Early life and education
Dyson's early life is described in Kenneth Brower's book The Starship and the Canoe. When he was sixteen he went to live in British Columbia to pursue his interest in kayaking.

From 1972 to 1975, he lived in a treehouse at a height of 30 metres that he built from salvaged materials on the shore of Burrard Inlet.  Dyson became a Canadian citizen and spent 20 years in British Columbia, designing kayaks, researching historic voyages and native peoples, and exploring the Inside Passage. He was, during this period, estranged from his father for some time.

Career
Dyson's first book, Baidarka, published in 1986, described his research on the history of the Aleutian kayak, its evolution in the hands of Russian fur traders, and his adaptation of its design to modern materials. He is the author of Project Orion: The Atomic Spaceship 1957–1965 and Darwin Among the Machines: The Evolution of Global Intelligence, in which he expands upon the premise of Samuel Butler's 1863 article of the same name and suggests that the Internet is a living, sentient being.

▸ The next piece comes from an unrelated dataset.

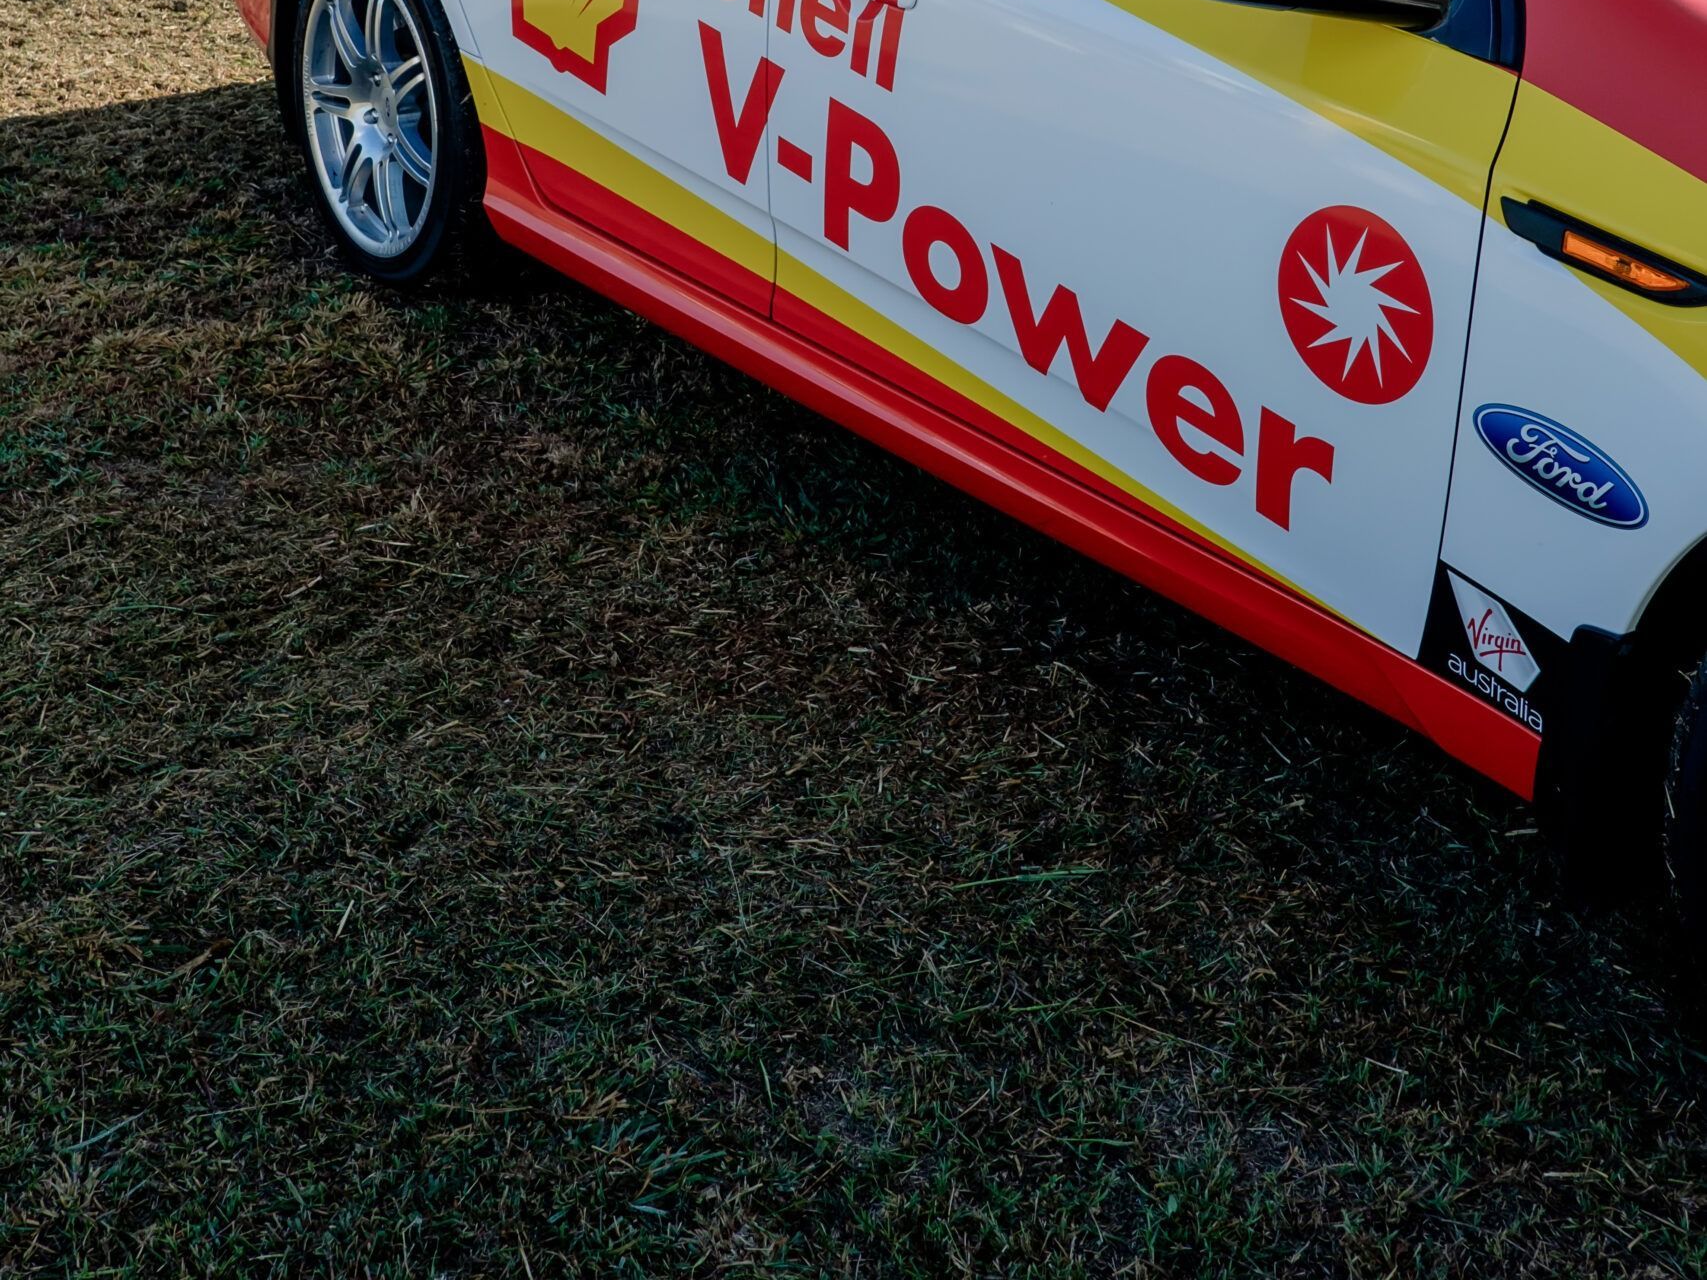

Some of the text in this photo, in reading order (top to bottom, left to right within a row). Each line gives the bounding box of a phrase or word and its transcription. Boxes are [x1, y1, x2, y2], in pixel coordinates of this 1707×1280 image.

[698, 19, 1335, 532] V-Power
[1506, 423, 1617, 510] Ford
[1467, 608, 1527, 673] Virgin
[1447, 652, 1544, 733] australia

His 2012 book Turing's Cathedral  has been described as "a creation myth of the digital universe." It was a finalist for the Los Angeles Times 2012 Book Prize in the science and technology category and was chosen by University of California Berkeley's annual "On the Same Page" program for the academic year 2013–14.

Dyson is the founder/owner of Dyson, Baidarka & Company, a designer of Aleut-style skin kayaks; he is credited with the revival of the baidarka style of kayak.

Dyson was a visiting lecturer and research associate at Western Washington University's Fairhaven College and was Director's Visitor at the Institute for Advanced Study in Princeton, New Jersey, in 2002–03. He is a frequent contributor to the Edge Foundation.

Media appearances
 To Mars by A-Bomb: The Secret History of Project Orion (BBC, 2003) 
 The Starship and the Canoe (1986)

Books
 Baidarka the Kayak
 Darwin Among the Machines
 Project Orion: The Atomic Spaceship 1957–1965
 Turing's Cathedral,
 Analogia: The Entangled Destinies of Nature, Human Beings and Machines

Personal life
George Dyson is the son of the theoretical physicist Freeman Dyson and mathematician Verena Huber-Dyson, the brother of technology analyst Esther Dyson, and the grandson of the British composer Sir George Dyson.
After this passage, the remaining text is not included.